The precise identification of these bacteria to the species level is not an easy task. As pointed out by Tannock et al. , the identification of Lactobacillus isolates by phenotypic methods is difficult because it requires, in several cases, determination of bacterial properties beyond those of the common fermentation tests. In general, about 17 phenotypic tests are required to identify an isolate of Lactobacillus accurately at the species level. Most commercial kits, frequently used in laboratory routine, are able to precisely identify only 30% of vaginal and intestinal isolates from humans . The establishment of a simple and fast identification method is therefore required in order to be able to deal with the large numbers of Lactobacillus isolates that can be obtained during microbial ecological studies of ecosystems such as the human or animal intestinal tracts and food products.
In addition to Lactobacillus, other lactic acid bacteria (LAB) and several other groups of bacteria are found in the same habitats during ecological studies of microbiota succession. Methodological procedures to handle such a high number of isolates should be brief and precise to avoid inconclusive results. Due to the growing interest in using bacteria as probiotics or starters in dairy products, the identification of these microorganisms at species level is becoming more and more required. DNA sequencing of PCR amplified conserved genes such as rRNA ones is the most used methodology for typing microorganisms. However, it requires special equipments and dealing with hundred of different isolates is expensive.

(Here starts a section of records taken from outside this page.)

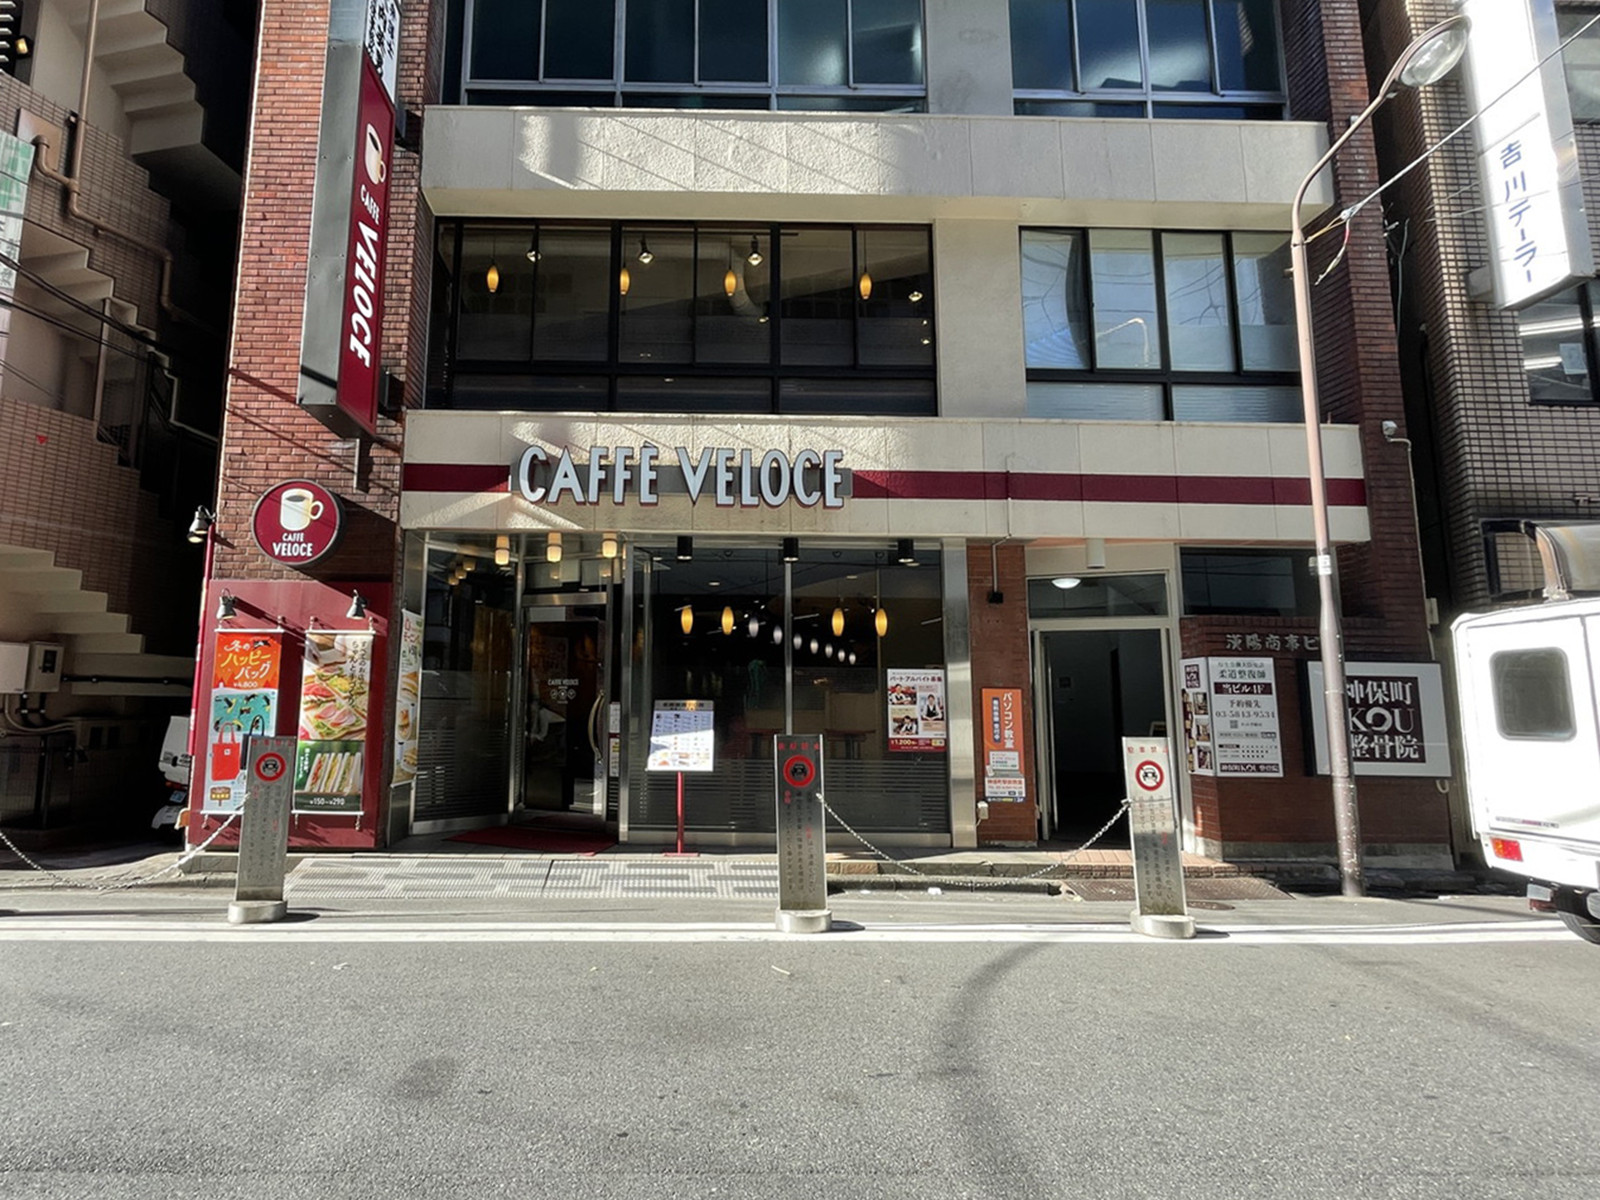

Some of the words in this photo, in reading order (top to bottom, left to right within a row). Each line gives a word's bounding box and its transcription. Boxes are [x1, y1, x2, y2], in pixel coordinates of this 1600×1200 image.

[1500, 140, 1537, 282] 吉川テーラー
[350, 221, 378, 368] VELOCE
[675, 446, 845, 509] VELOCE
[272, 542, 313, 557] VELOCE
[220, 650, 271, 667] ハッピー
[234, 661, 272, 679] バッグ
[1347, 680, 1412, 705] 神保町
[1003, 692, 1014, 749] パソコン教室
[1348, 707, 1415, 733] KOU
[1350, 734, 1419, 759] 整骨院

The aim of this study was to develop an easy and fast procedure to accurately identify to the species level most of Lactobacillus type and reference strains and new strains isolated from different ecological studies. In these different prospecting studies, we are looking for new Lactobacillus strains to be used as 1) a vehicle to delivery chimerical transgenes to immunize broiler chicks against coccidiosis, 2) antagonizers of pathogenic bacteria during cheese and cassava starch processing to improve food safety and quality, and 3) live medicine against women vaginosis and vaginitis. Therefore, the correct typing of these new strains is critical.

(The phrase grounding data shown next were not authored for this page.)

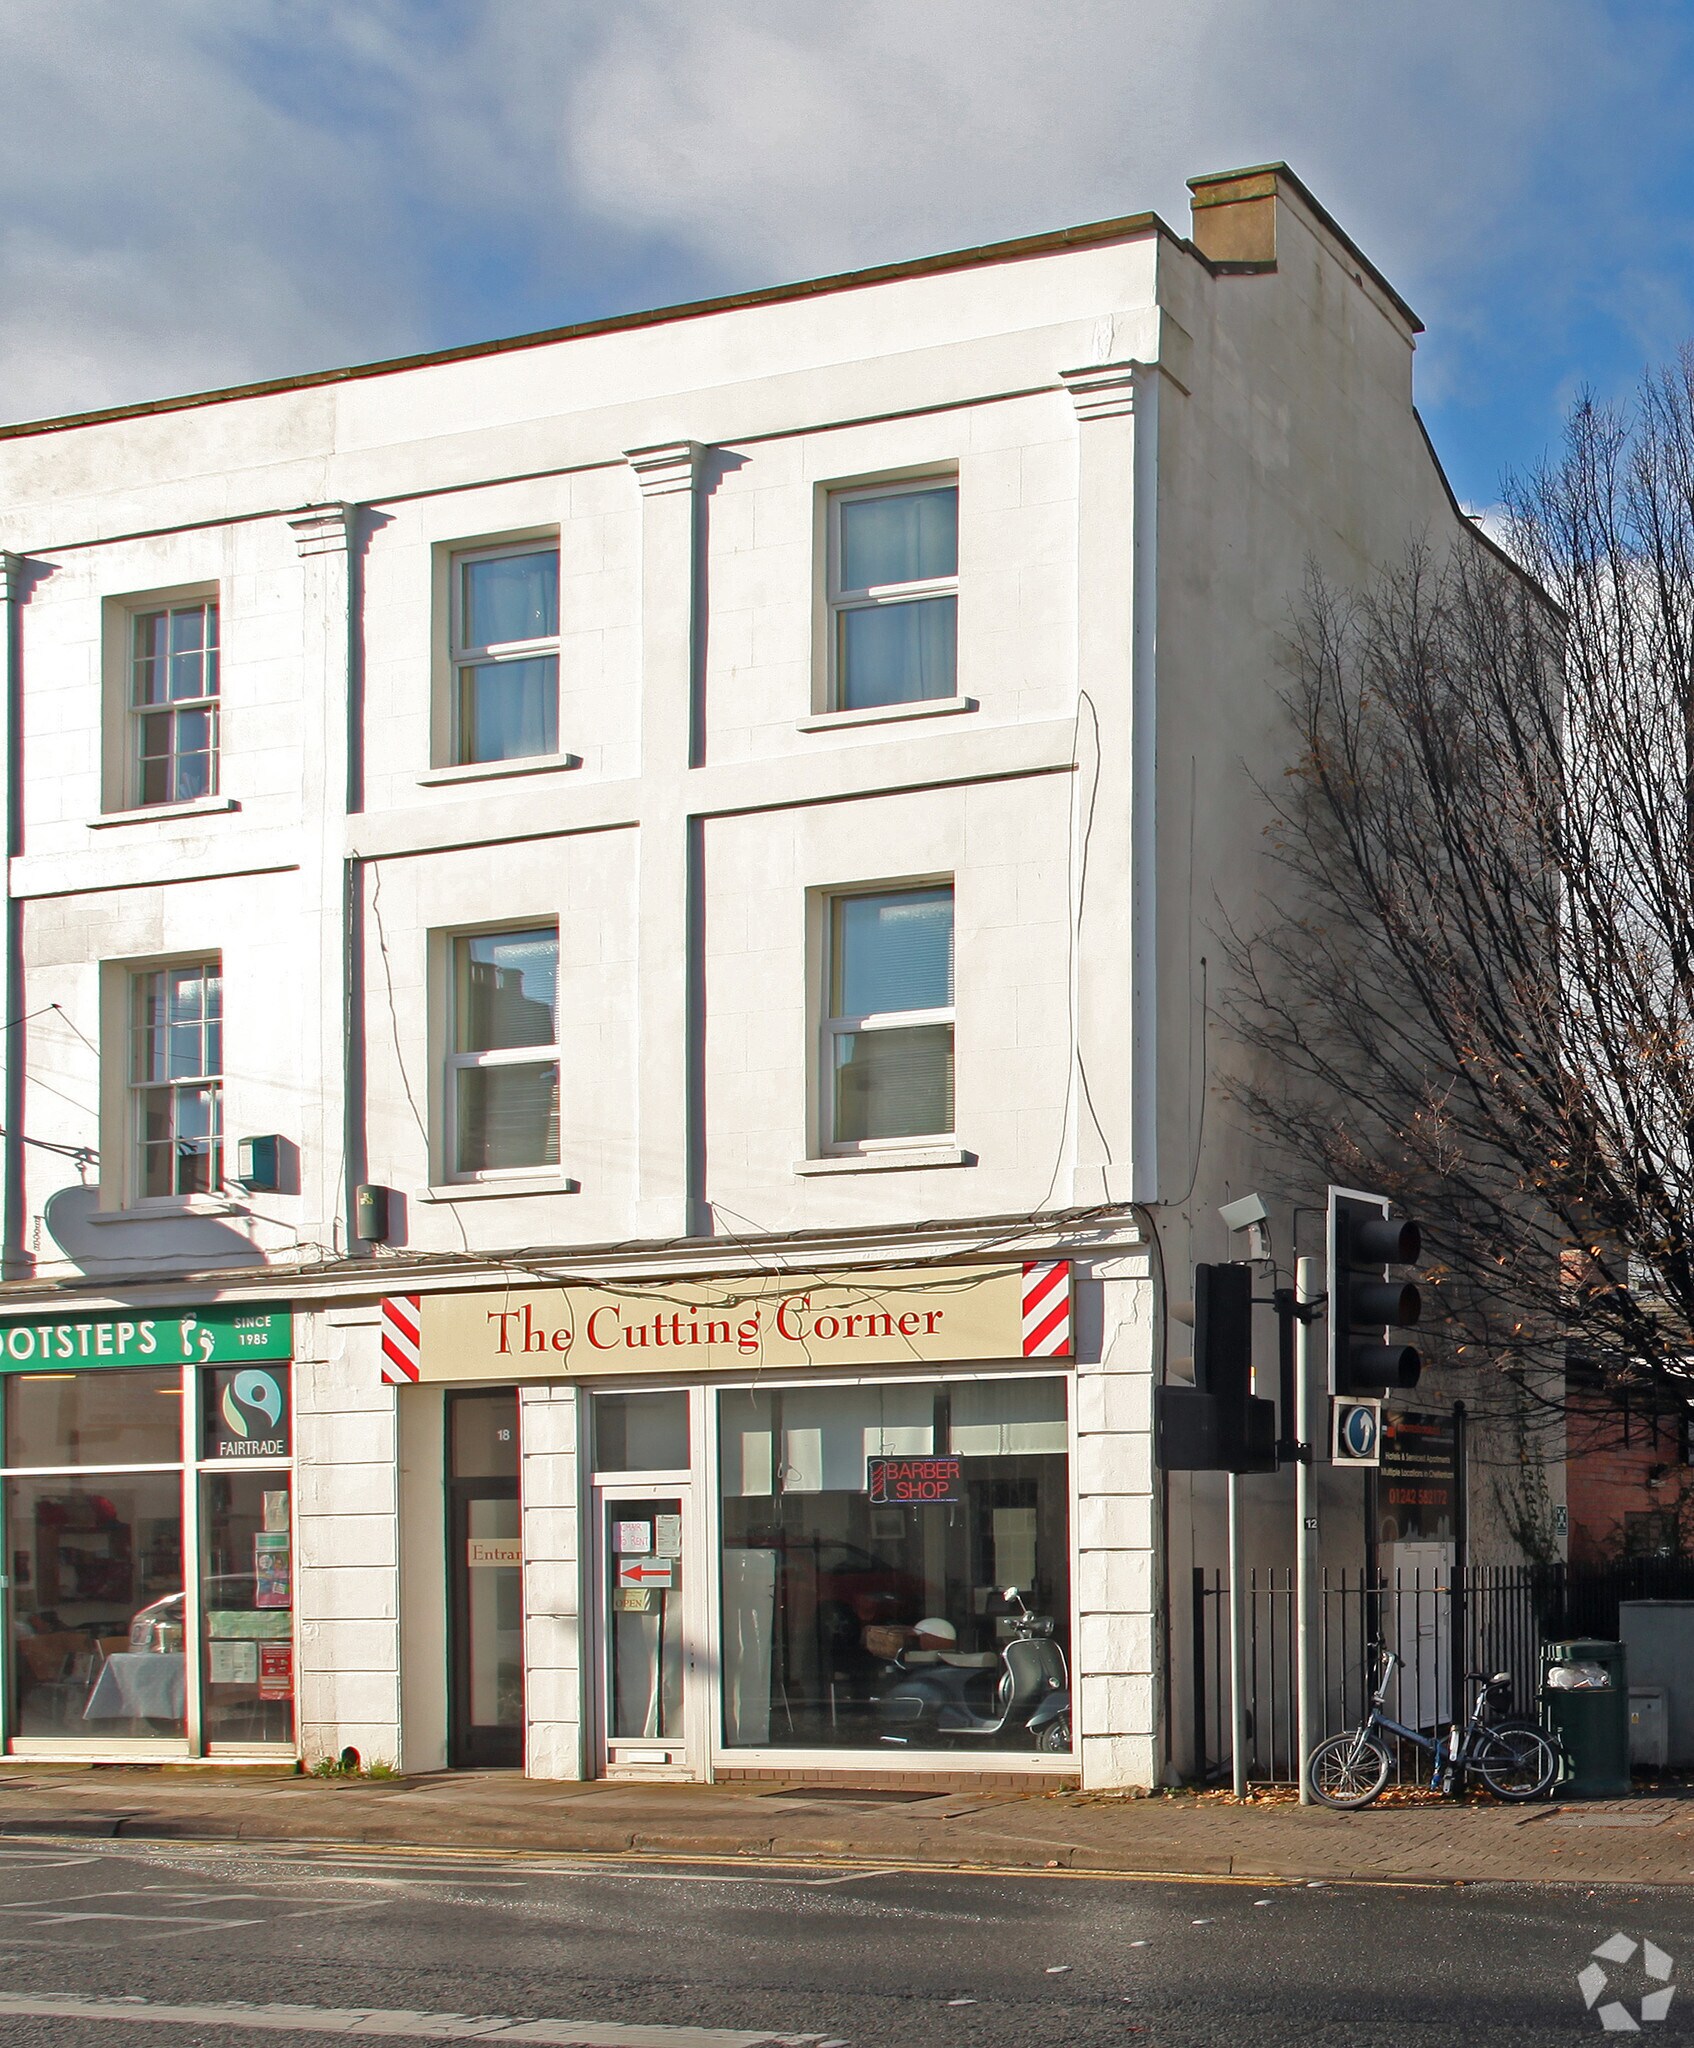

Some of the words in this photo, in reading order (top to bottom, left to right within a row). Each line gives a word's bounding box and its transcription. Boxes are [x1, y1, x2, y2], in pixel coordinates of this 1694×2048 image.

[234, 1316, 272, 1329] SINCE
[486, 1304, 572, 1354] The
[587, 1303, 760, 1355] Cutting
[776, 1293, 944, 1341] Corner
[0, 1320, 158, 1360] OTSTEPS
[239, 1333, 268, 1346] 1985
[497, 1429, 511, 1441] 18
[219, 1440, 284, 1456] FAIRTRADE
[887, 1462, 960, 1480] BARBER
[895, 1481, 949, 1499] SHOP
[1388, 1488, 1417, 1505] 01242
[1305, 1518, 1318, 1529] 12
[630, 1535, 648, 1546] RENT
[615, 1599, 642, 1608] OPEN

Analysis of the number and size of the intergenic regions between 16S and 23S genes showed that they vary among Lactobacillus and others bacteria allowing genera discrimination (unpublished results). Other groups have published methodologies based on the fingerprinting of the variable region of the 16S rRNA . We choose to amplify the 16S-23S rRNA intergenic spacers because this region allowed us to discriminate a larger number of species of Lactobacillus. Typical patterns of Lactobacillus amplicons presented three bands, corresponding to the short, medium and long spacer regions, similar to those seen in Pediococcus, Carnobacterium, Leuconostoc and Weissella species . These differences in size are due to the insertion of a tRNA-Ala gene within the medium spacer or tRNA-Ala and tRNA-Ile genes within the long spacer. Bifidobacteria, enterococci, streptococci and staphylococci presented patterns with a unique band or two bands with different sizes also due insertion of tRNA genes. The methodology proposed here can replace fermentation tests for characterization of a number of clinical, health food, and laboratory isolates through PCR amplification of 16S-23S rRNA intergenic spacers followed by digestion with a set of restriction enzymes with 6 bases recognition sequences.

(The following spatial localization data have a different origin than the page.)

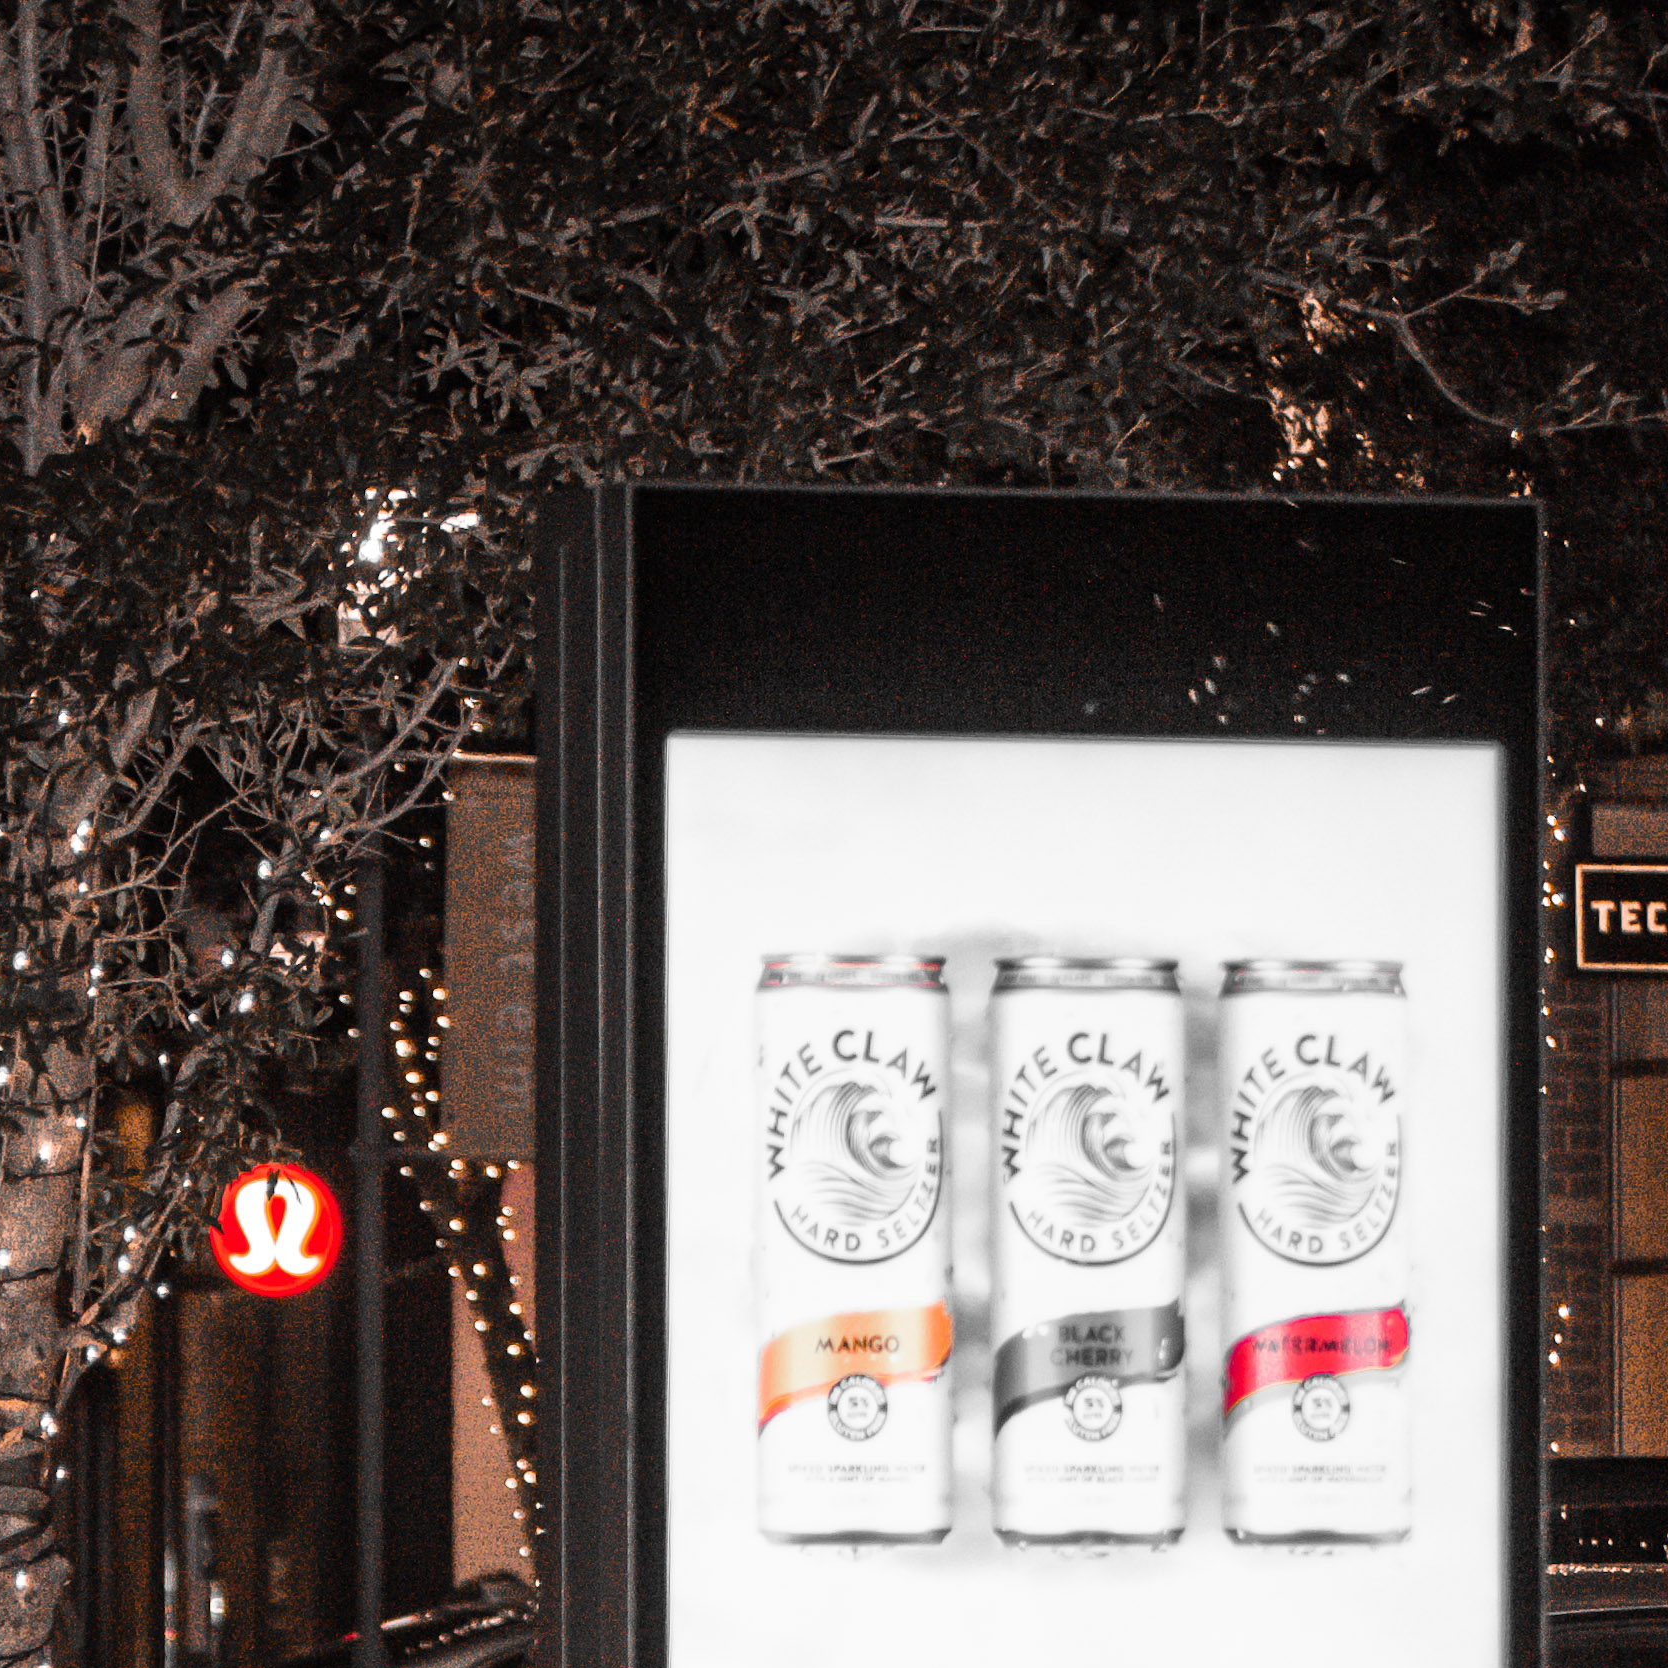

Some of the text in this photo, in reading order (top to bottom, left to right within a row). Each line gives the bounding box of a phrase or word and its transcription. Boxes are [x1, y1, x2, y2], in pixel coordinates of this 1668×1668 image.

[766, 1028, 937, 1181] WHITE CLAW
[1001, 1031, 1170, 1184] WHITE CLAW
[1230, 1033, 1396, 1184] WHITE CLAW
[791, 1136, 939, 1251] HARD SELTZER
[1026, 1141, 1170, 1253] HARD SELTZER
[1254, 1142, 1397, 1254] HARD SELTZER
[815, 1334, 900, 1353] MANGO
[1050, 1347, 1133, 1366] CHERRY
[1058, 1324, 1125, 1343] BLACK
[1253, 1337, 1390, 1354] WATERMELON

The in silico predictions of restriction patterns of 16S-23S rRNA short intergenic spacer of selected Lactobacillus species and of other related bacteria frequently isolated from the same sources of Lactobacillus are shown in Tables 1 and 2, respectively. Although for most bacteria different patterns can be predicted, some species present identical patterns. In this case, however they can be differentiated by the sizes of the two amplified bands (E. faecium amplicons are almost 100 bp larger than E. faecalis amplicons).
Fig. 1 shows a typical gel of the short intergenic spacer of Lact. rhamnosus GG digested with 11 restriction enzymes, in which DNA cleavage was observed with Hind III, Dra I and Eco RV. The uncut DNA at Dra I lane may reflect some polymorphism of the short spacer nucleotide sequences in different operon units. The patterns obtained with digestion of the 16S-23S rRNA short spacer alone could distinguish most of Lactobacillus at species level but, in some cases, such as among Lact. acidophilus, Lact. helveticus and Lact. amylovorus, they could only be grouped as 'acidophilus' clad. The separation of acidophilus group species could be achieved by nucleotide sequencing or by digestion of the others two intergenic spacers in order to search for more complex restriction patterns.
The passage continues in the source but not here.